Ty hatte Jannas Worte gehört. Für einen Moment schloss er die Augen und spürte den köstlichen Schmerz, ein Geschenk erhalten zu haben, das er nicht verdiente.
Er stellte den Rucksack gegen einen Felsen, ging in die Hocke und lud seinen Karabiner vollständig nach. Die kurzen Schatten an den Schluchtwänden zeigten ihm, dass er noch viele Stunden bis zum Sonnenuntergang warten musste und noch viel länger, bis es vollständig dunkel war.
An die Felswand gelehnt, den Karabiner schussbereit, versuchte Ty daran zu glauben, dass er und Janna bei Anbruch der Dunkelheit noch am Leben sein würden.
40. Kapitel
Der Sonnenschein auf der Wiese blendete Janna, als sie aus dem kühlen, dunklen Gang trat, der in ihr geheimes Tal führte. Sie blieb in der Felsenöffnung stehen und schickte einen Habichtschrei in den stillen Himmel, dann einen zweiten. Zebra kam angetrabt, mit hoch erhobenem Kopf und die Ohren aufgestellt. Lucifer folgte der Stute.
' Während der Wochen, in denen die Wunden des Hengstes verheilten, waren die beiden Pferde unzertrennlich geworden.
Janna schwang sich auf Zebra und wandte das Pferd zu den Ruinen der alten indianischen Siedlung, in denen Mad Jack sein Gold versteckt hatte.

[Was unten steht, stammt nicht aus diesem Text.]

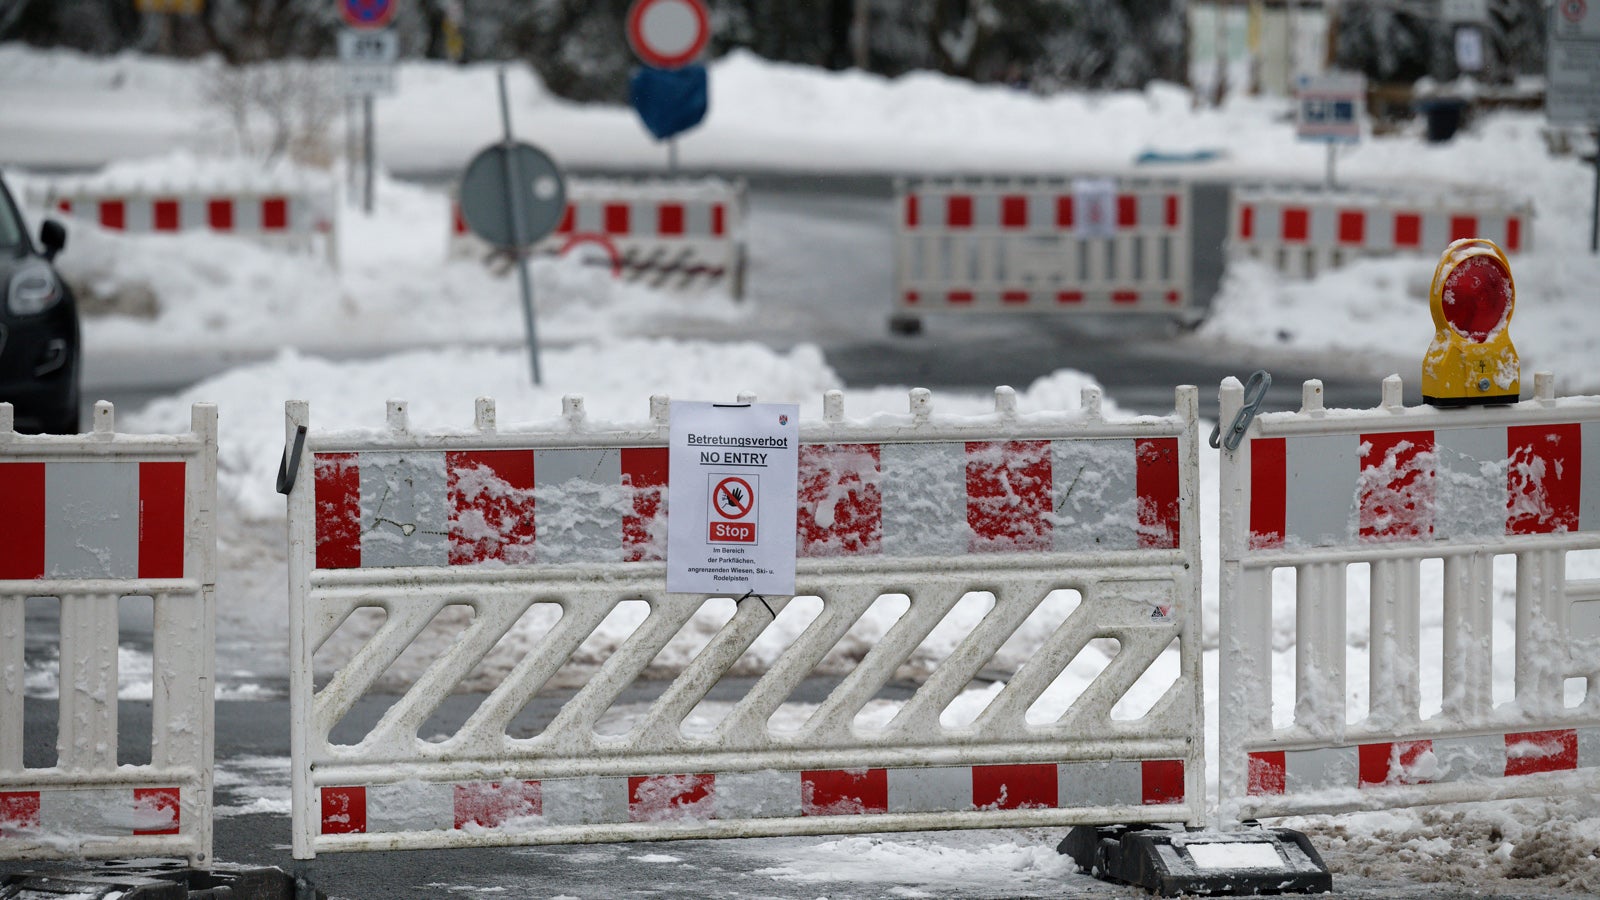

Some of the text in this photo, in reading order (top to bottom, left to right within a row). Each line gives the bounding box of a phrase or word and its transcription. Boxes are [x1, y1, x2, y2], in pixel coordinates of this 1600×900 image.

[687, 433, 788, 447] Betretungsverbot
[700, 452, 768, 464] NO ENTRY
[716, 524, 749, 540] Stop

Bisher hatte sie ihre Nase nie in die Geheimnisse des alten Goldgräbers gesteckt. Jetzt war das Tal mit seinem einzigen Zugang für sie zu einer Falle geworden - wie der Bauch einer Flasche, in den nur ein enger Hals führte.
„Jack muss einen anderen Weg gekannt haben, um in das Tal hinein- und wieder hinauszugelangen“, sagte sie laut zu Zebra. „Ich habe im Bachbett nie Spuren von ihm gefunden. Wäre er durch den Felsengang gekommen, hätte ich ihn gehört, oder du und Lucifer hätten etwas bemerkt.“
Zebra drehte die Ohren nach vom und wieder zurück. Die Stute genoss sichtlich den Klang von Jannas Stimme.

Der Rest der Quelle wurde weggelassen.